* YOUR TASK:
Records appear below. Give all of them again, exactly.

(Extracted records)
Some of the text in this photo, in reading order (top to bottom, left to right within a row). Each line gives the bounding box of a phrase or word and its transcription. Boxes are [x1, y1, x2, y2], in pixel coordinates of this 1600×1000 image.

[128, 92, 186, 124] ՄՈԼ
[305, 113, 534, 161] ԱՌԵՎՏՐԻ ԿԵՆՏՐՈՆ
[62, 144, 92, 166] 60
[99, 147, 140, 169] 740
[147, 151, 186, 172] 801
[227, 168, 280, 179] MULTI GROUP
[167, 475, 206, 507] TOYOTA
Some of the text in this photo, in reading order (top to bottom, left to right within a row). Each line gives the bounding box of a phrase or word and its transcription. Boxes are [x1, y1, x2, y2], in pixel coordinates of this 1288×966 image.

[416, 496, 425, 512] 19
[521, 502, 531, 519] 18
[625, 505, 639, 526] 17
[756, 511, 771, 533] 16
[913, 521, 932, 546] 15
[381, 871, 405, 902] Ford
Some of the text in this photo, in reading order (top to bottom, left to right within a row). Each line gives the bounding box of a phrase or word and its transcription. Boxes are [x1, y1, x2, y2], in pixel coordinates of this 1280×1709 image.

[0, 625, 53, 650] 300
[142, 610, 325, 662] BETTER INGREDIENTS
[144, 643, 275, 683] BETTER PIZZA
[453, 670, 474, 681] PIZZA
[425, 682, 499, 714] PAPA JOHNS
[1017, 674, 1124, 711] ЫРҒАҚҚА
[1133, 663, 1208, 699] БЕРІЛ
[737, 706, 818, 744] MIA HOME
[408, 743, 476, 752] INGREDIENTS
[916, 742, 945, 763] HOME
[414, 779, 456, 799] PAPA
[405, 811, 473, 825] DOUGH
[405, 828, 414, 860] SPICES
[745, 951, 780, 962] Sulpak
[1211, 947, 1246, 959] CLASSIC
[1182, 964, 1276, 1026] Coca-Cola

* EXPECTED OUTPUT:
Some of the text in this photo, in reading order (top to bottom, left to right within a row). Each line gives the bounding box of a phrase or word and its transcription. Boxes are [x1, y1, x2, y2], in pixel coordinates of this 1600×1000 image.

[128, 92, 186, 124] ՄՈԼ
[305, 113, 534, 161] ԱՌԵՎՏՐԻ ԿԵՆՏՐՈՆ
[62, 144, 92, 166] 60
[99, 147, 140, 169] 740
[147, 151, 186, 172] 801
[227, 168, 280, 179] MULTI GROUP
[167, 475, 206, 507] TOYOTA
Some of the text in this photo, in reading order (top to bottom, left to right within a row). Each line gives the bounding box of a phrase or word and its transcription. Boxes are [x1, y1, x2, y2], in pixel coordinates of this 1288×966 image.

[416, 496, 425, 512] 19
[521, 502, 531, 519] 18
[625, 505, 639, 526] 17
[756, 511, 771, 533] 16
[913, 521, 932, 546] 15
[381, 871, 405, 902] Ford
Some of the text in this photo, in reading order (top to bottom, left to right within a row). Each line gives the bounding box of a phrase or word and its transcription. Boxes are [x1, y1, x2, y2], in pixel coordinates of this 1280×1709 image.

[0, 625, 53, 650] 300
[142, 610, 325, 662] BETTER INGREDIENTS
[144, 643, 275, 683] BETTER PIZZA
[453, 670, 474, 681] PIZZA
[425, 682, 499, 714] PAPA JOHNS
[1017, 674, 1124, 711] ЫРҒАҚҚА
[1133, 663, 1208, 699] БЕРІЛ
[737, 706, 818, 744] MIA HOME
[408, 743, 476, 752] INGREDIENTS
[916, 742, 945, 763] HOME
[414, 779, 456, 799] PAPA
[405, 811, 473, 825] DOUGH
[405, 828, 414, 860] SPICES
[745, 951, 780, 962] Sulpak
[1211, 947, 1246, 959] CLASSIC
[1182, 964, 1276, 1026] Coca-Cola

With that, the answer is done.